Or not. Because today, the exhibition hall was open, and boy oh boy, your tax dollars sure pay for swag. Do I need an image of the whole planet, as an anaglyph ("3-D"), complete with the viewing glasses? Define "need." I now have one. There are posters, and bookmarks, and postcards, and bound/published studies, and so much interesting stuff. I tried only to pick up free stuff I really, um, needed. So far, I've completely avoided all the book publishers, even the one that's half-price just for the conference, even though they have really, really neat stuff. So far.

This morning I attended a talk on challenges in California due to climate change, specifically why we're so fragile here, how our "perennial" agriculture (tree crops, grapes) will probably change and adapt, and mitigation and planning for sea level change in the San Francisco bay area. I know not everyone would say, "Wow, it was so interesting," but of course it was. I missed a presentation earlier this afternoon because of the information and sensation overload of the exhibition hall, and the rest required afterward, but am attending a presentation later today on "Science Issues for a New Congress and a New Administration." Then I think I'll call myself whupped, and head for home. Tomorrow is another day.

Monday, December 15, 2008

overwhelming - AGU Fall Meeting


overwhelming
Originally uploaded by marymactavish.
I'm at the AGU fall meeting -- omg overwhelming. I don't have the stamina for all the poster stuff, I'm interested in 2/3 of them, but I don't understand 90% of those.
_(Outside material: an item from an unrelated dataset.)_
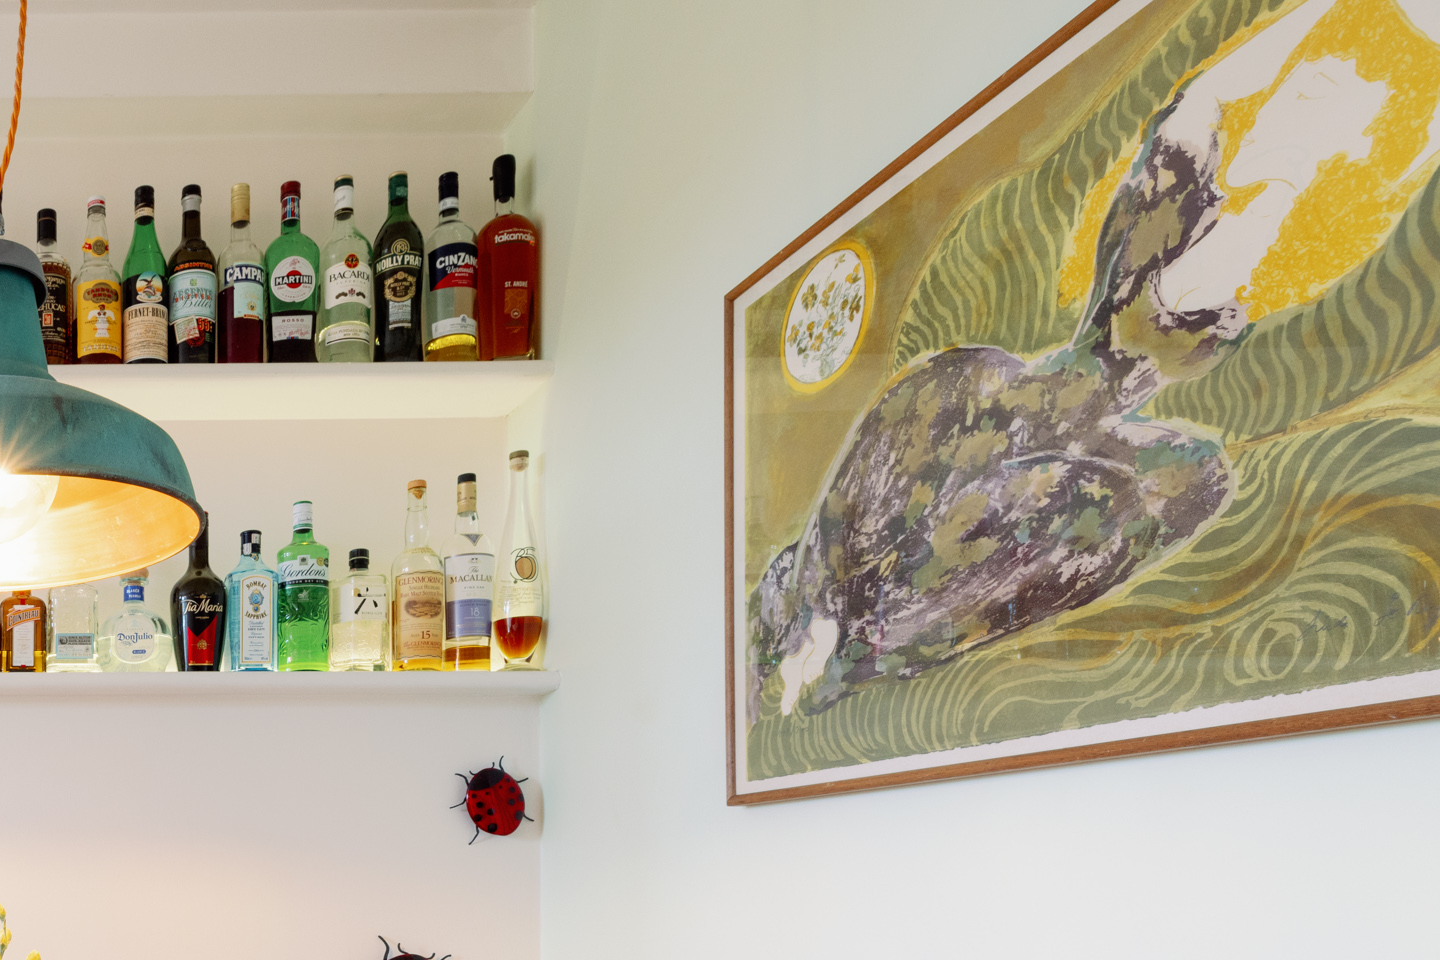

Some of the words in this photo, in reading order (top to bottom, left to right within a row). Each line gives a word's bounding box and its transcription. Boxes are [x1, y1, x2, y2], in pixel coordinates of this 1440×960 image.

I'm such a generalist. As I continue in school, I'll get more specific, I think continuing toward environmental studies and physical geography, and the teaching of it, and there are some great posters (and I'm anticipating some great speaker sessions) about that.

I love that I can hear languages from all over the world here, lots of Italians, also Russians, Germans, Koreans -- from what I've heard so far.

They've divided the sessions into four different locations within a two-block radius from one another, all posters in one big hall, booths in another, speakers upstairs from that, other presentations -- films, meetings, etc. -- into that.

It's actually very exciting, but again, I'm overwhelmed and though not quite out of my element, definitely still on the outskirts of it, working my way in.

( Maria: I actually hit the education posters for the morning right before I sat down and read your response to my last post. It's the direction I'm heading, I think, and I knew I'd be interested. Wish you were here! Thanks! )

Sunday, December 14, 2008

2008 AGU fall meeting -- tomorrow morning!


seismologists are sinners
Originally uploaded by volcanojw.
I'll be at the American Geophysical Union fall meeting in San Francisco all week, from early morning to late afternoon. I'm not an expert on anything, I'm just an earth sciences fangirl (and beyond, the AGU meeting covers most aspects of physical geography as well as solar system science) and struggled to list a primary interest at all. So far, going through the schedule and trying to establish an itinerary has been a huge challenge. There are, in some slots, two or three oral presentations and fifty or more poster sessions that I want to visit. I picked a lot of them by doing searches on "california," "san francisco," "bay area," "climate change," and "serpentine" -- then filled it in with whatever caught my eye. I'm trying to be firm with myself, then just make some last minute decisions while I'm there.

I'll blog, but I'm not sure how yet. I can either figure out how to mobile blog to this journal from my phone and do lots of small entries, or (and this is more likely) just use twitter a lot, and phone pictures to flickr or twitpic, and take pictures with my regular camera for later, then once or a few times over the course of the week, amalgamate those into a proper entry. Or maybe I'll do both. Do you have a preference?

Is there anything you'd specifically like me to explore, photograph, or write about for this blog, from the AGU meeting?

If not, my posts are likely to make it clear that I'm running around like the proverbial kid in the candy shop, licking everything and putting it back.

If I see the "seismologists are sinners" guy, I'll get a picture of him.

Sunday, December 07, 2008

Fun With Flickr

Flickr users have used "notes" -- small squares drawn on the map and labeled, you have to click through to the picture to see them -- to comment on some of aspects of this map that have changed over time. I love flickr for that sort of thing.

Some of the comments:
Man, look at French West Africa and French Equatorial Africa. I also see the Belgian Congo and the Union of South Africa.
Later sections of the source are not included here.